Evidence from clinical studies emphasizes the relevance of contextual psychosocial variables, including physician-patient interactions, for treatment outcome . Positive psychosocial influences on treatment outcomes are termed placebo effects, whereas negative influences are termed nocebo effects. Experimental research reveals that the psychosocial context of therapy induces bio-chemical changes in the brain and body and that these changes may affect the natural history of a disease and the response to a treatment [2,3]. Along these lines, negative responses to drugs have been shown to be much better predicted by the patient's individual beliefs and negative expectations regarding a drug's effect (nocebo effects) than by the specific pharmacological properties of the drug  itself.
Placebo and nocebo effects are therefore centrally important in medical practice, whether these are intentionally used by health-care practitioners or not. A more widespread recognition of this fact may enable and encourage patient-physician interactions that are conducive to positive treatment outcomes.

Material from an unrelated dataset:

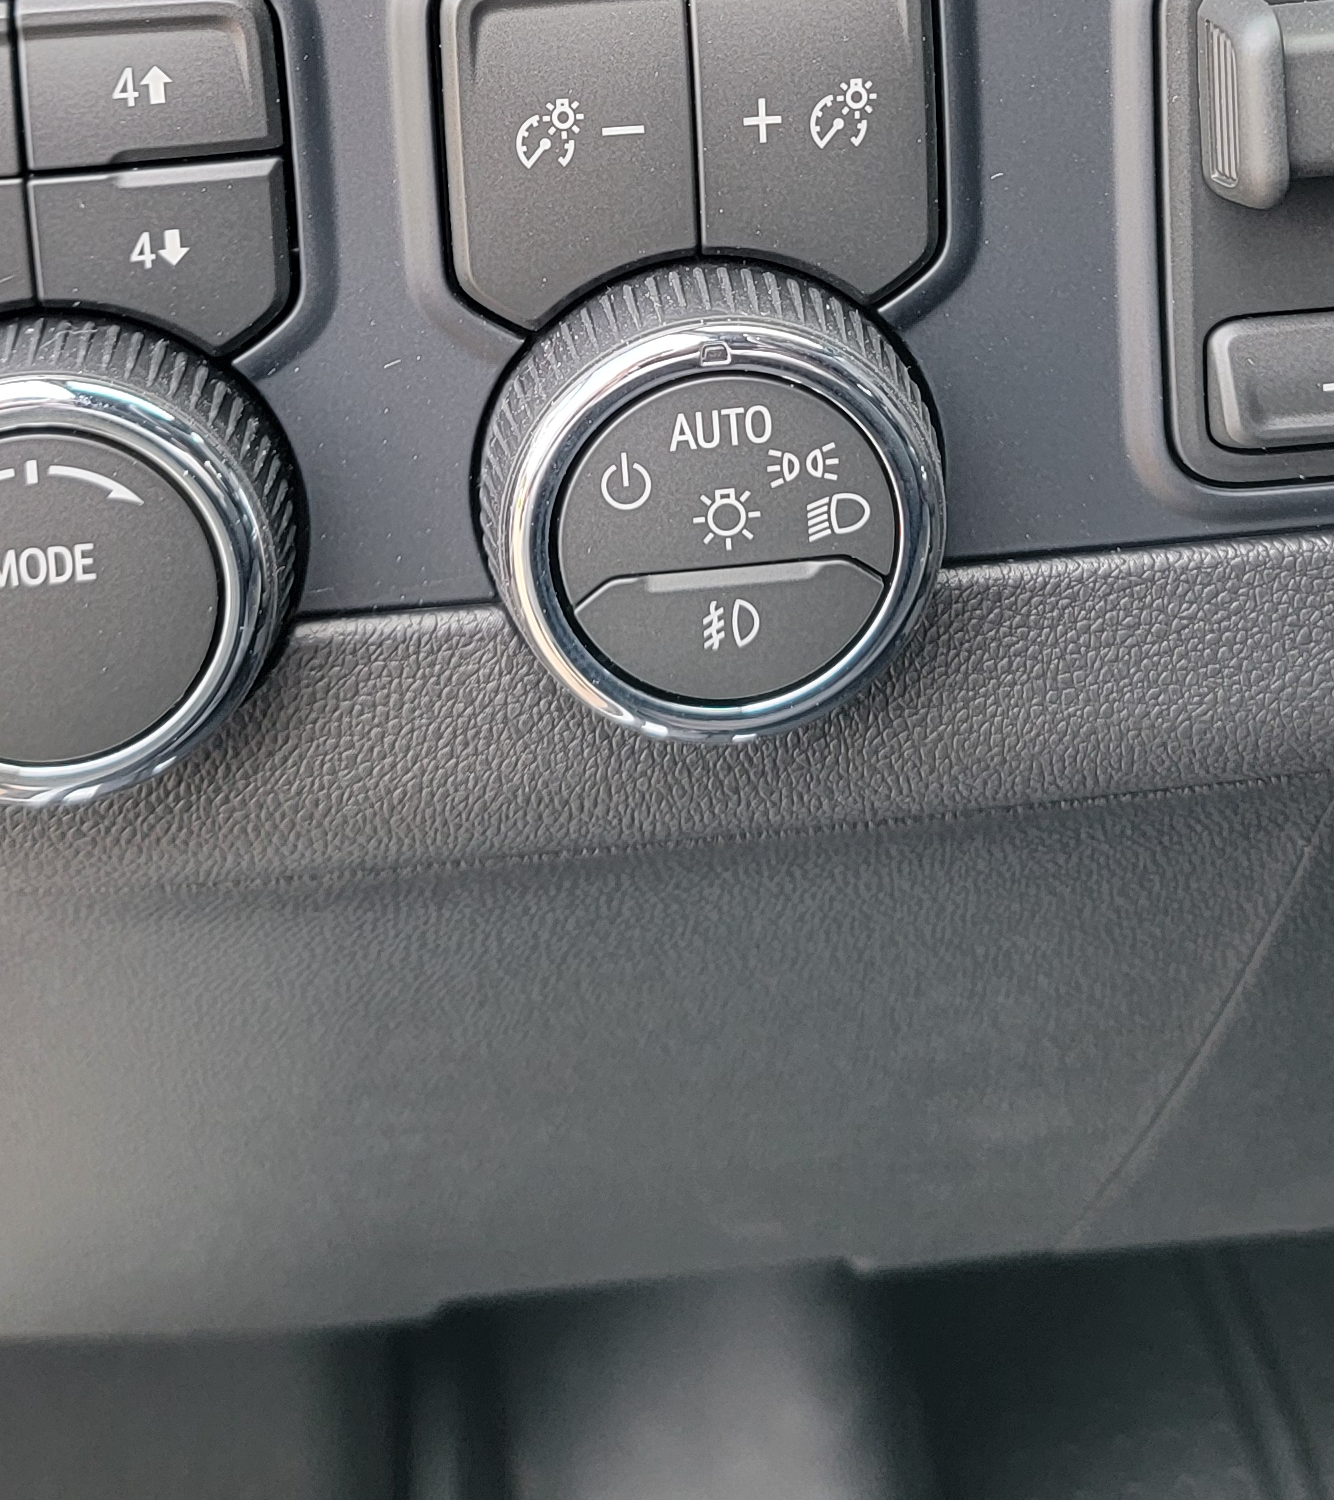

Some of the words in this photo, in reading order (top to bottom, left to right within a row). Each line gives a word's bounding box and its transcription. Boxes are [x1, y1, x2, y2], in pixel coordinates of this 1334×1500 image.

[112, 66, 141, 108] 4
[129, 231, 157, 270] 4
[669, 406, 773, 453] AUTO

Such interactions are important in determining a number of factors that may affect outcome, including patients' mood, their concepts of disease, treatment expectations, and their willingness to endure therapeutic side effects. However, this knowledge should be taken in the context of the observation that, in the US, 50% of patients leave after a visit with their doctor without an adequate understanding of what the doctor has told them . Therefore, there is clearly an opportunity for improving therapeutic responses to current treatments and a need for more research into and greater understanding of what factors affect those responses.
Until recently, placebo analgesia has been regarded as a nuisance phenomenon in clinical trials. This has shifted to the idea that studying placebo effects allows us to gain insight into the mechanisms of the endogenous control of pain. Research over the last few decades has improved our understanding of the neuropsychology and neuro-biology that underlie placebo and nocebo effects. These insights have potentially far-reaching implications for future research and clinical practice. Further understanding of these mechanisms may aid in predicting which contexts (physiological, psychological, and social) have the greatest potential for inducing positive treatment responses. This may help to improve the design of clinical trials. It may also help to understand treatment mechanisms by allowing the separation of drug-specific responses from non-specific (contextually mediated) responses.
This article is aimed at providing an overview for clinicians of the importance of contextual variables in determining treatment response, and the specific focus is on placebo response. We will examine psychological traits that can lead to variability in the placebo response of the patient, the practitioner's role in amplifying the placebo response, the physiological mechanisms of placebo in relation to patient and practitioner variables, and finally how the placebo effect can potentially be used for patient benefit.
Placebo responses are highly variable between individuals, having a range of responses from 0% to 100% depending on the context . Responses to a placebo treatment are independent of age and social and physical demographics, but recent evidence suggests that gender may play a part in placebo response rates . However, psychological variables appear to be much better predictors of placebo responses .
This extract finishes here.